Wherever the string "text" appears in the records, return the line that holds it.
++++ PROVIDED DATA ++++
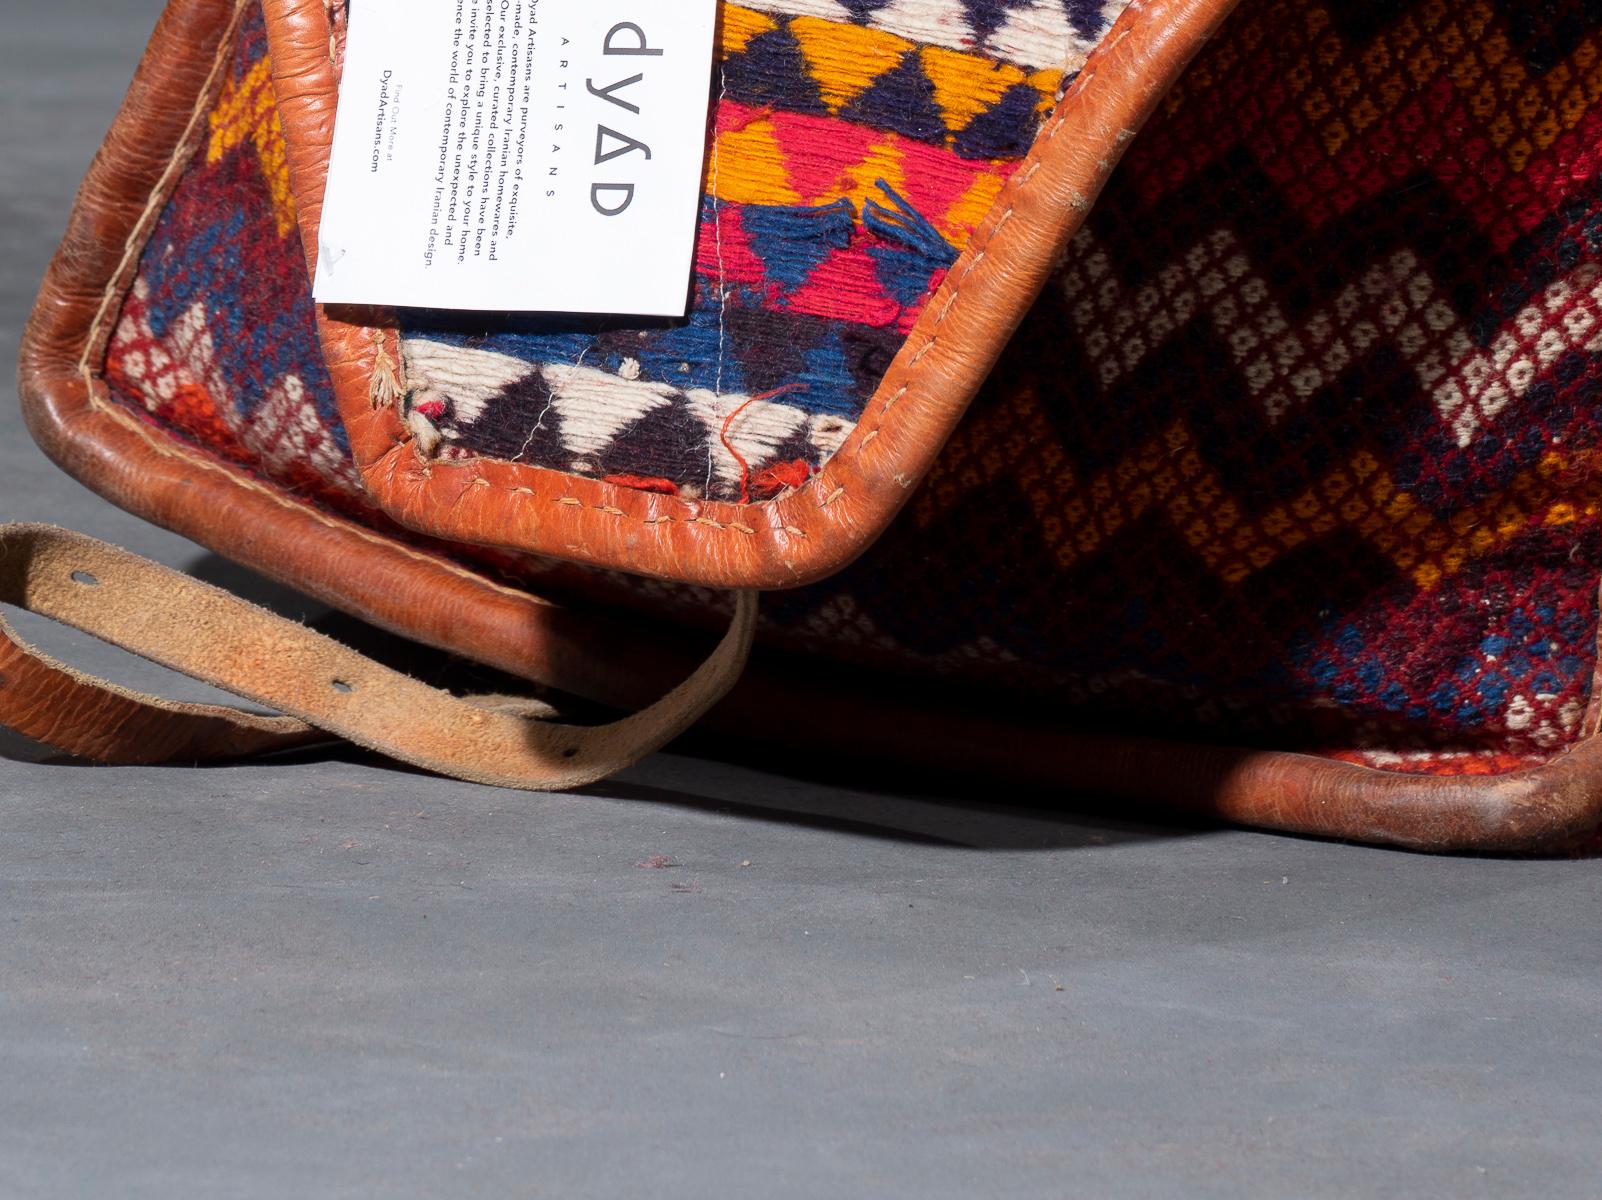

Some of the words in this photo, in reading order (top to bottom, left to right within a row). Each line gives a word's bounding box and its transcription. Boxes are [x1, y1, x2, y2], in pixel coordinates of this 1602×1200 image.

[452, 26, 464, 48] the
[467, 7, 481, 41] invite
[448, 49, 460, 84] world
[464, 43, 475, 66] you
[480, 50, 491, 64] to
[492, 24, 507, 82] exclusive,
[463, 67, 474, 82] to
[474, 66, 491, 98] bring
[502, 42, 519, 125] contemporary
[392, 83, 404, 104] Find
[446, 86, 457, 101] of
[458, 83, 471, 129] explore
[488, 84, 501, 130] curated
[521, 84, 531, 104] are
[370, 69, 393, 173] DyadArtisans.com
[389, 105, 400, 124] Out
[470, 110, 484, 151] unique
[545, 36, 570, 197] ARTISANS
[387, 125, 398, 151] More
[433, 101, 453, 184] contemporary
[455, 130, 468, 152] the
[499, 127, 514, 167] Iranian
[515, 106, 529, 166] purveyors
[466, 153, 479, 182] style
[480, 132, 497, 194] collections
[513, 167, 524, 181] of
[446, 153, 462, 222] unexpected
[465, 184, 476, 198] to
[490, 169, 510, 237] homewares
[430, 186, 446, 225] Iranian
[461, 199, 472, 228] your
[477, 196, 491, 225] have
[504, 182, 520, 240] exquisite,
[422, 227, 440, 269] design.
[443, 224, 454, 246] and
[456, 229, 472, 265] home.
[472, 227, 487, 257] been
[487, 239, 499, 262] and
++++
++++ PROVIDED DATA ++++
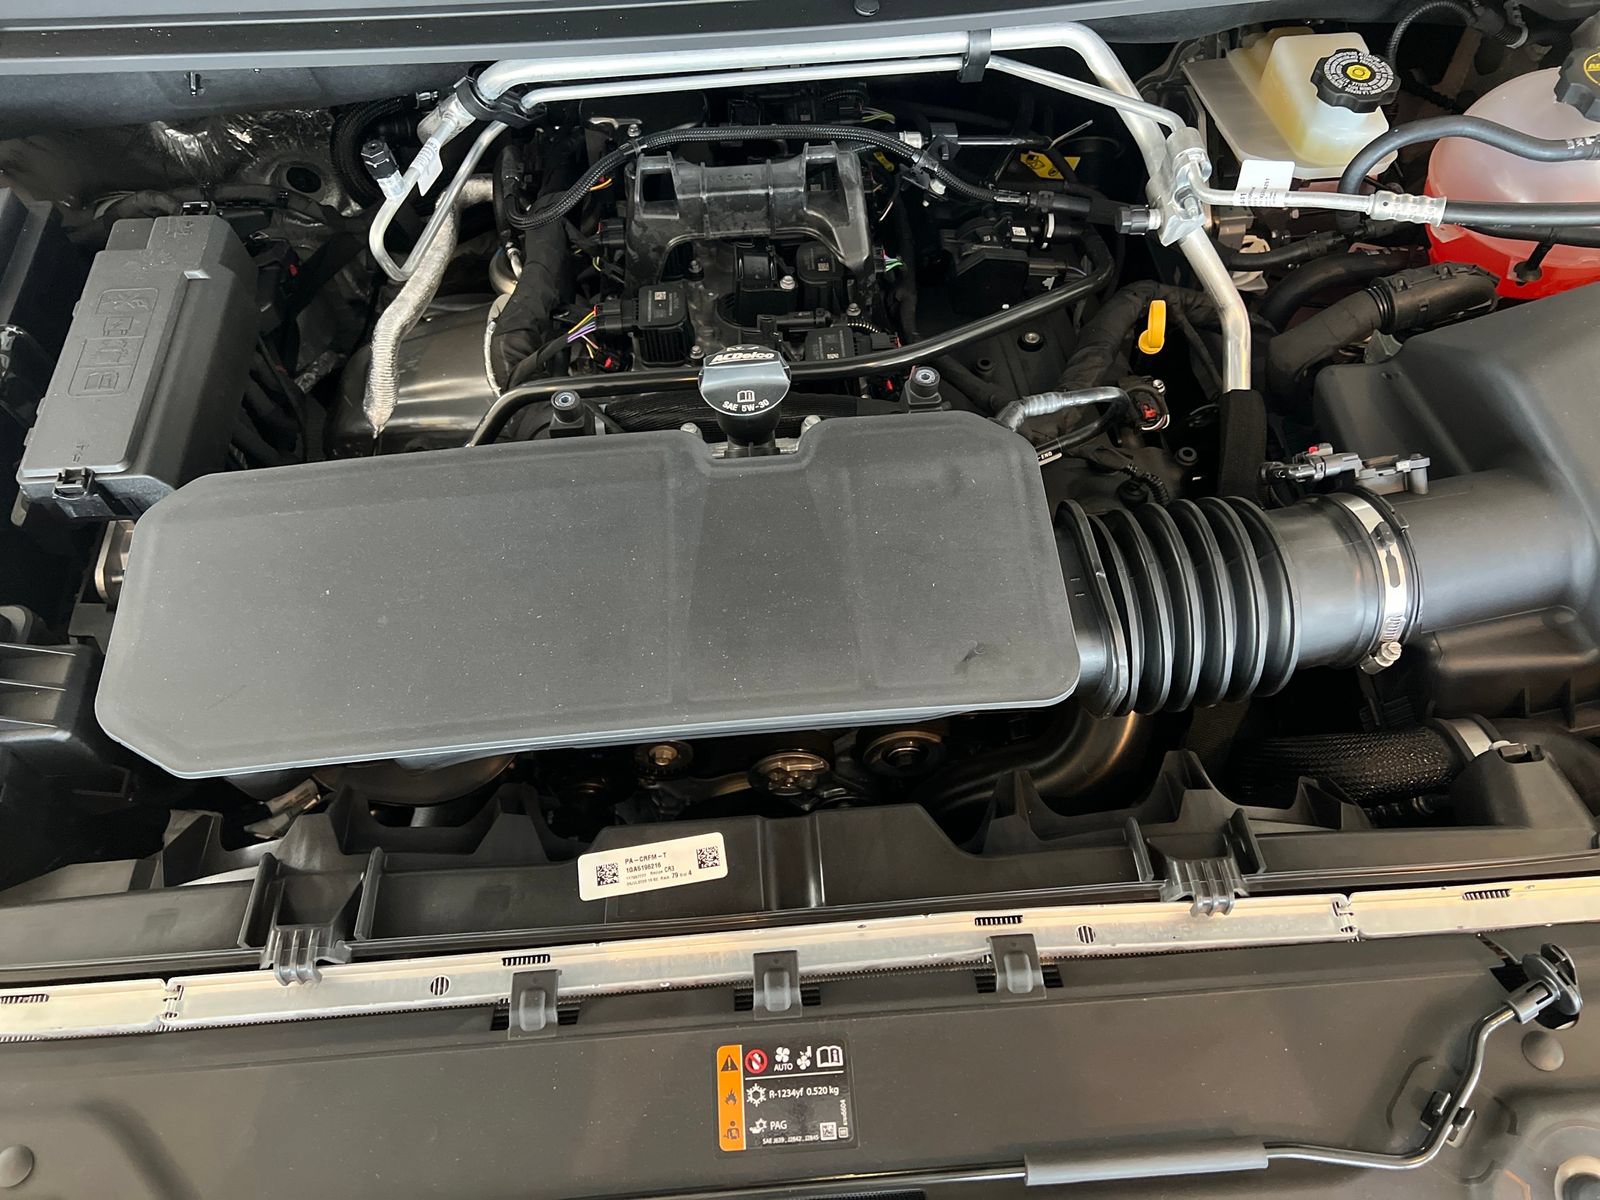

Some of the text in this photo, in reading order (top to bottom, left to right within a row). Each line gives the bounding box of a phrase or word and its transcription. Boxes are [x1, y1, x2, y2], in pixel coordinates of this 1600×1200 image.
++++
++++ PROVIDED DATA ++++
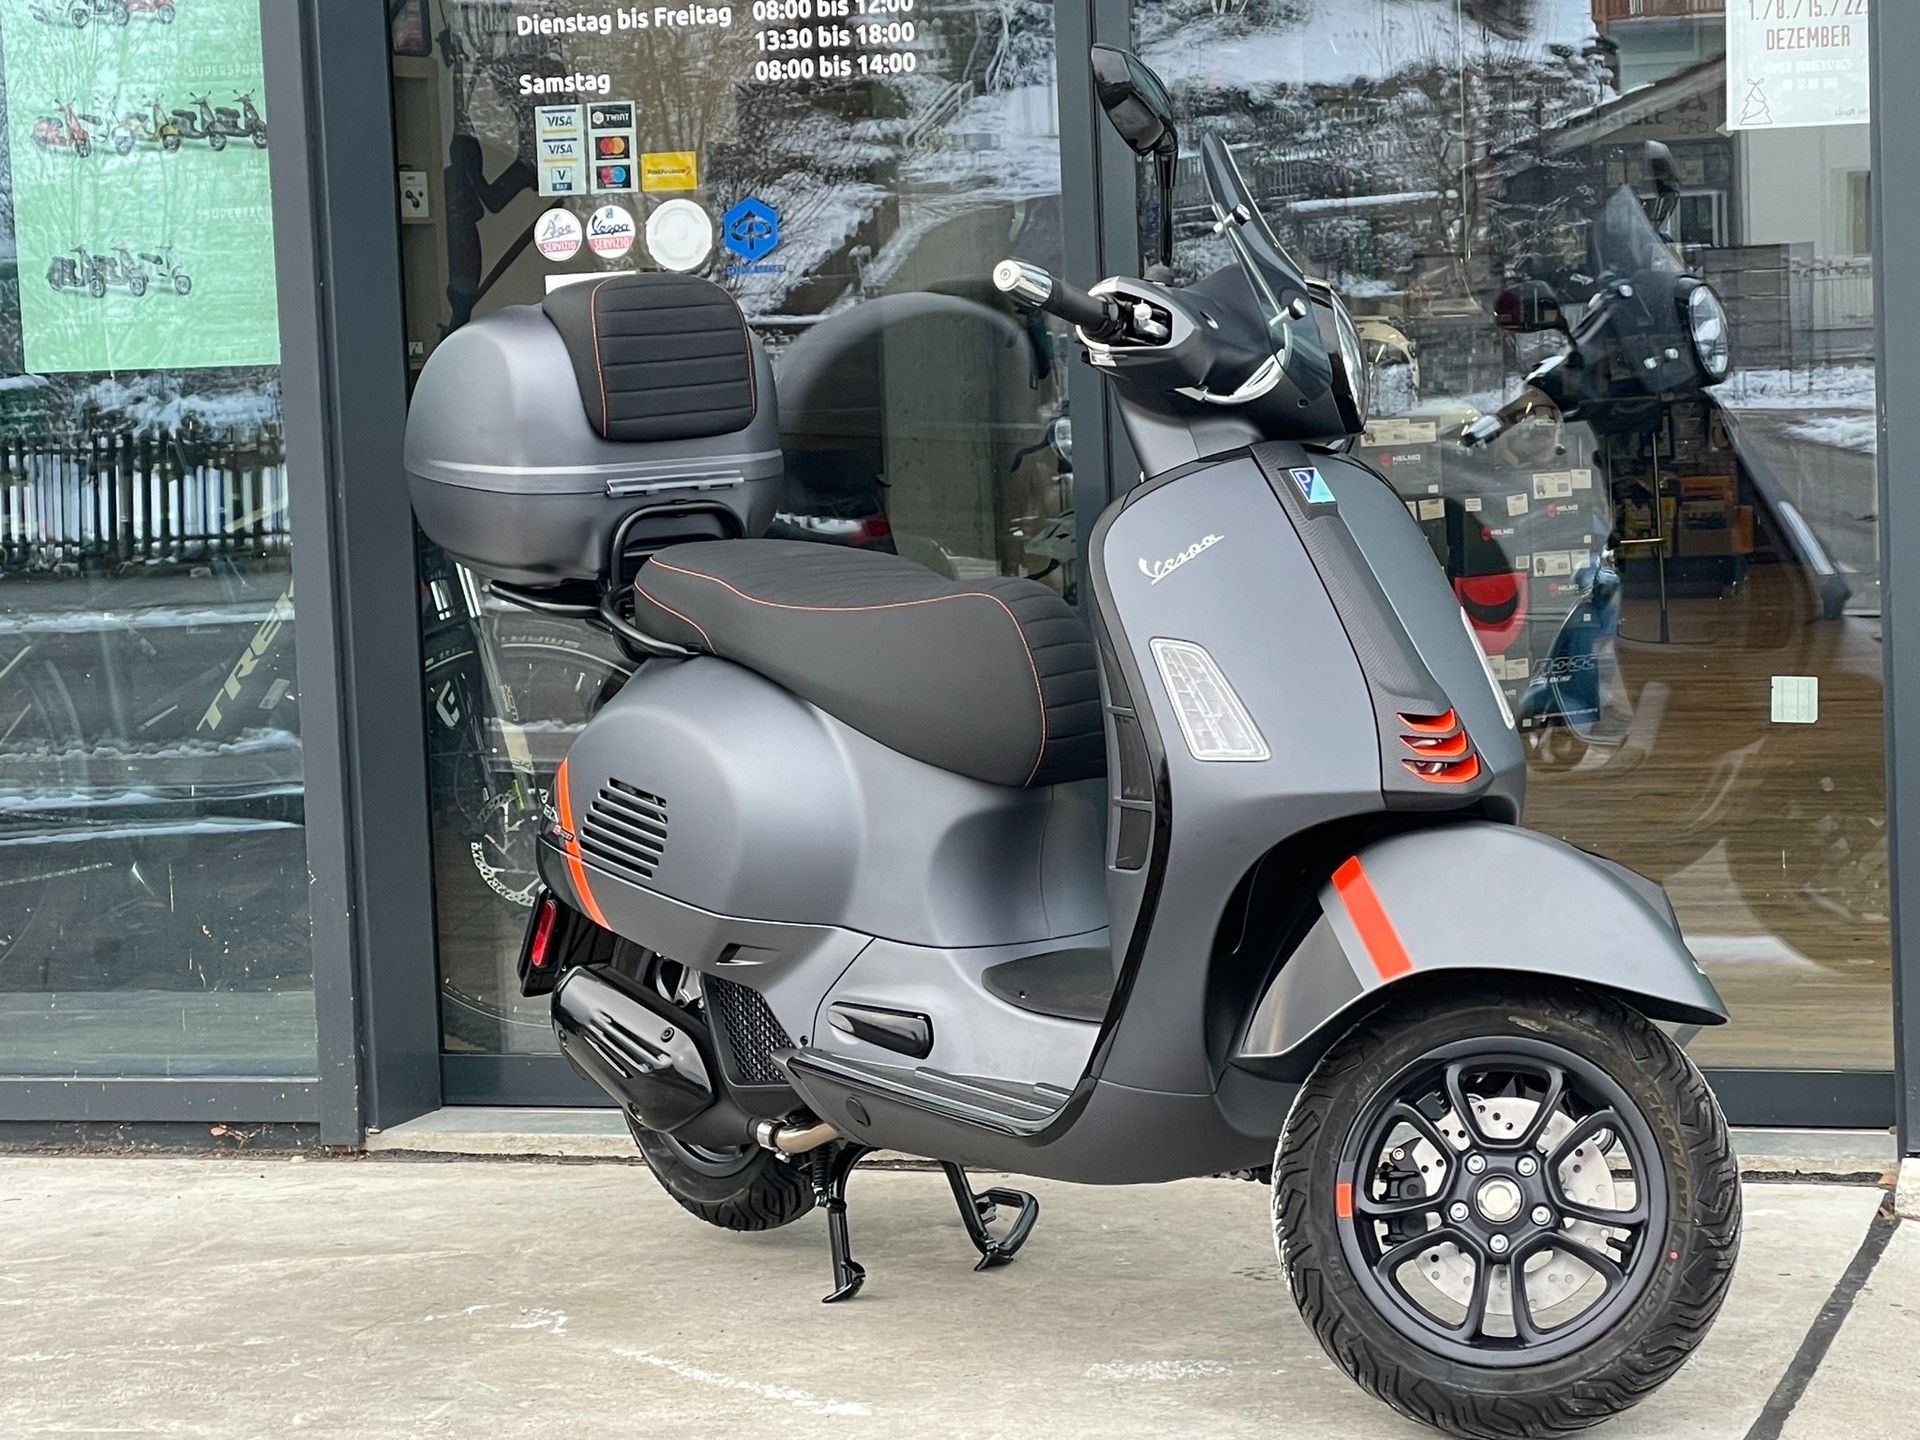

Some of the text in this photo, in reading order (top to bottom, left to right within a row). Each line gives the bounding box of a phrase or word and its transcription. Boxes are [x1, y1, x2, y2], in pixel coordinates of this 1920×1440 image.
++++
◆ **SOLVED EXERCISE**:
Some of the text in this photo, in reading order (top to bottom, left to right within a row). Each line gives the bounding box of a phrase or word and its transcription. Boxes are [x1, y1, x2, y2], in pixel coordinates of this 1600×1200 image.
Some of the text in this photo, in reading order (top to bottom, left to right within a row). Each line gives the bounding box of a phrase or word and its transcription. Boxes are [x1, y1, x2, y2], in pixel coordinates of this 1920×1440 image.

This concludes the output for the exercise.